The three sets of nodes fit together like this. Each node is connected by a weighted line. These edge weights will start with arbitrary numbers to begin with. Over time they will be adjusted by algorithm which is what will make the network more and more predictively accurate.
But How do you actually get outputs?
This can get glossed over. The neural network is a representation of some under-the-hood math functions. For a little more detail on how this works, check out this easy to follow video.
Decision making
On turn one, the AI player reviews what possible actions it could take. It builds a tree of possibilities based on its understanding of the game rules. This building of a tree is called its simulation. Say they have two Coppers and a Silver in their hand. They could play a Silver, a Copper, or Skip. Either of these three options will lead to a new future game state.
If the player skips, they may reach the end of their turn. State 1C is terminal. But if they chose to play a Copper, they have another choice. They might choose to play a second copper. And so on. This following tree shows all possible states they could wind up in, based on their decisions with just these three cards.
This is the search tree for just three cards in hand in just one phase of a turn. In any given turn, there may be many more possible decisions. You can imagine a tree of all possible decisions they could make until the end of their turn would be pretty big!
The terminal nodes on the tree are the game states the neural network processes as its input. The node comprises the entire game state. Each terminal node is run through the network, and the one that yields the highest score for the AI player determines the decision the AI makes.
Learning
You see how the AI makes a good move based on the neural network, but that assumes the network is giving accurate predictions of what will be the end result. How do you get a network to give accurate results?
Accurate results come from having the right weights. We can get the right weights by training the neural network. The unique thing about our neural network is “knowledge free” meaning it starts our very dumb, and learns over time simply by playing and finding out what worked. The neural network knows what worked by getting a feedback signal. This comes at the end of the game, did it win or not? But there is also a clever trick called temporal difference learning, where the AI doesn’t only wait until the end of the game to get this feedback signal. It can also, on a turn, use the neural network to see if its action is predicted to result in a win, and use that prediction as a feedback signal. It’s not quite as accurate, but it gets better with every crank of the knob. To adjust the edge weights from turn to turn, we plug the outputs of our prediction into a formula like this:
You can read more on the nitty gritty math of what this formula does here. What’s important is the formula gives us how much to adjust the edge weights of the neural network based on the outputs received.

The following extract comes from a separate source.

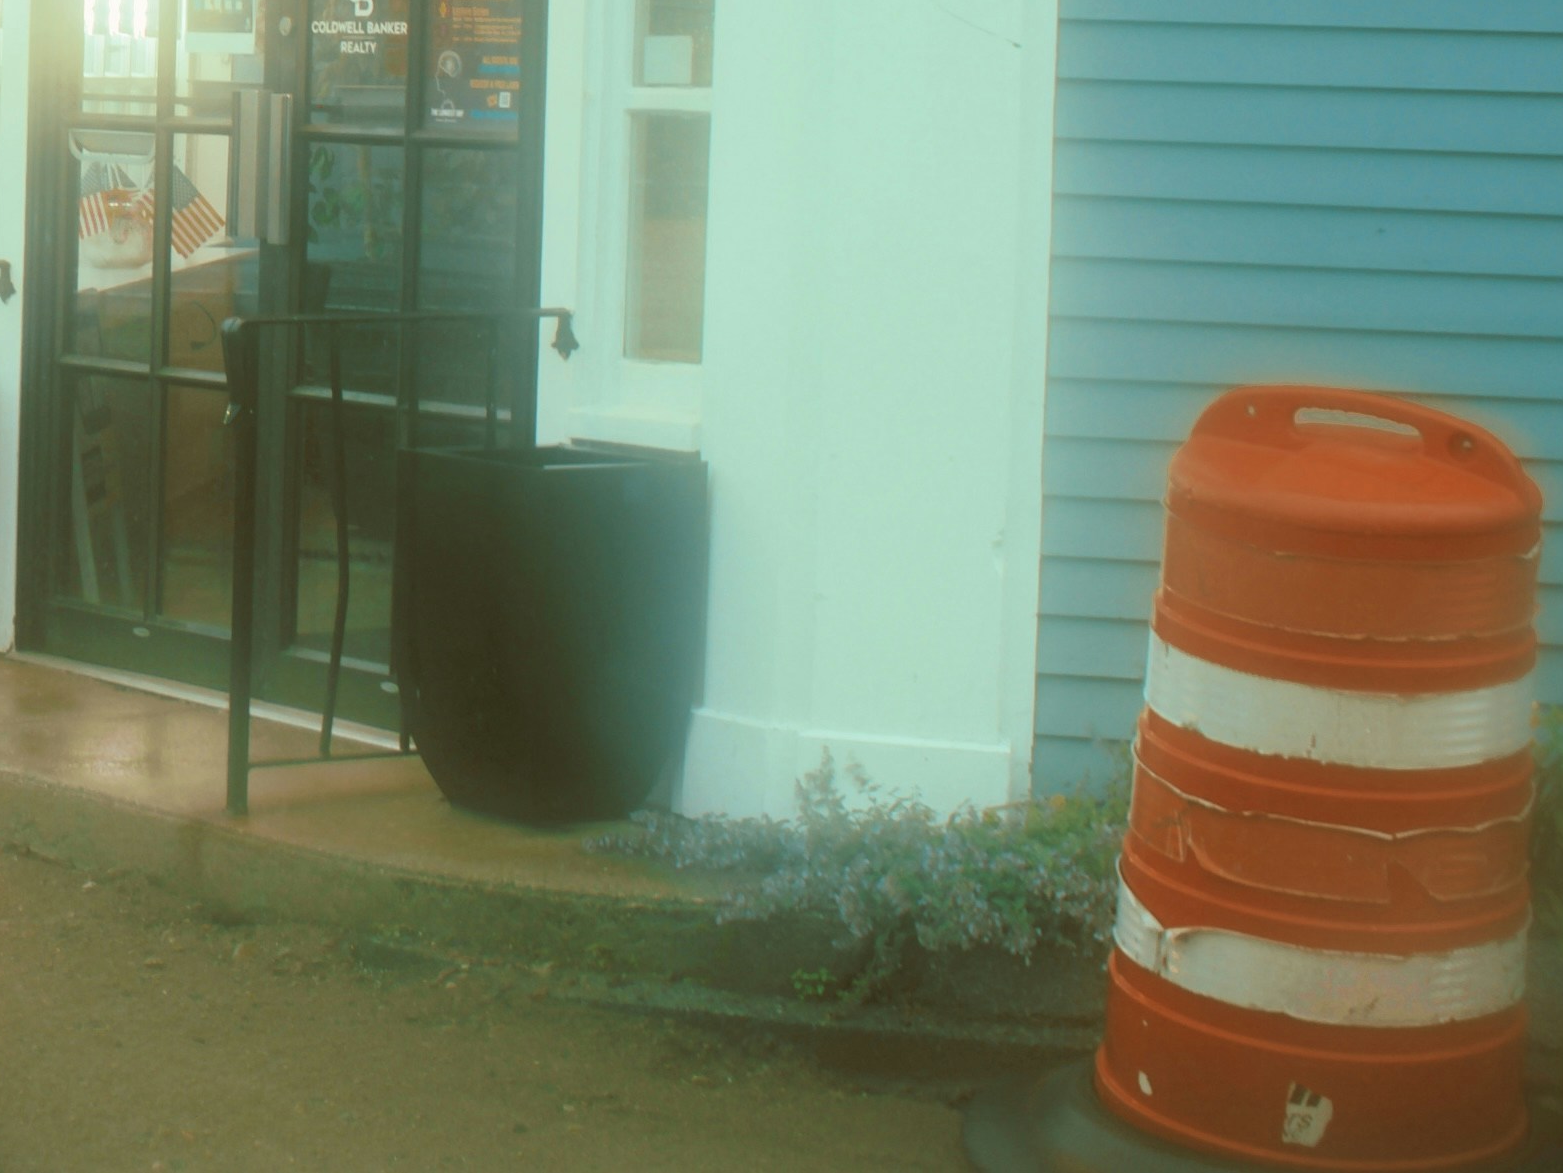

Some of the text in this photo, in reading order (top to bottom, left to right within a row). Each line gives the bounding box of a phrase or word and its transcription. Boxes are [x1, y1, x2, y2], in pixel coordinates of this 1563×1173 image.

[311, 21, 408, 35] COLDWELL BANKER
[340, 41, 377, 54] REALTY

That means that every turn the AI takes in the game it will adjust the neural network as it goes. The network is being changed AS it’s being used. Without the temporal difference technique, it wouldn’t be feasible to train a network like this in a reasonable development timeframe. Once the edge weights have been honed through training, a static version of the network is included in the shipping product, and the AI continues to call the network to determine its best move.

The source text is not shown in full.